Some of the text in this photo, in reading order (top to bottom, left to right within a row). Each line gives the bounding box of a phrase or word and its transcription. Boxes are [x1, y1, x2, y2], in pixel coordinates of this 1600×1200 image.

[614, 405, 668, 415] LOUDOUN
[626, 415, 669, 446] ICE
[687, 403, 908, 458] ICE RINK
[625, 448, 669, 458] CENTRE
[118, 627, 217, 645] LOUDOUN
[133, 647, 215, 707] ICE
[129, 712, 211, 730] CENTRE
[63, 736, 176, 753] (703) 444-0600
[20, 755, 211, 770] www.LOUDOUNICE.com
^^^^^^^^
- **Assignment**:
The records must be given again in full, exactly as they were written.

- **Answer to the problem**:
Some of the text in this photo, in reading order (top to bottom, left to right within a row). Each line gives the bounding box of a phrase or word and its transcription. Boxes are [x1, y1, x2, y2], in pixel coordinates of this 1600×1200 image.

[614, 405, 668, 415] LOUDOUN
[626, 415, 669, 446] ICE
[687, 403, 908, 458] ICE RINK
[625, 448, 669, 458] CENTRE
[118, 627, 217, 645] LOUDOUN
[133, 647, 215, 707] ICE
[129, 712, 211, 730] CENTRE
[63, 736, 176, 753] (703) 444-0600
[20, 755, 211, 770] www.LOUDOUNICE.com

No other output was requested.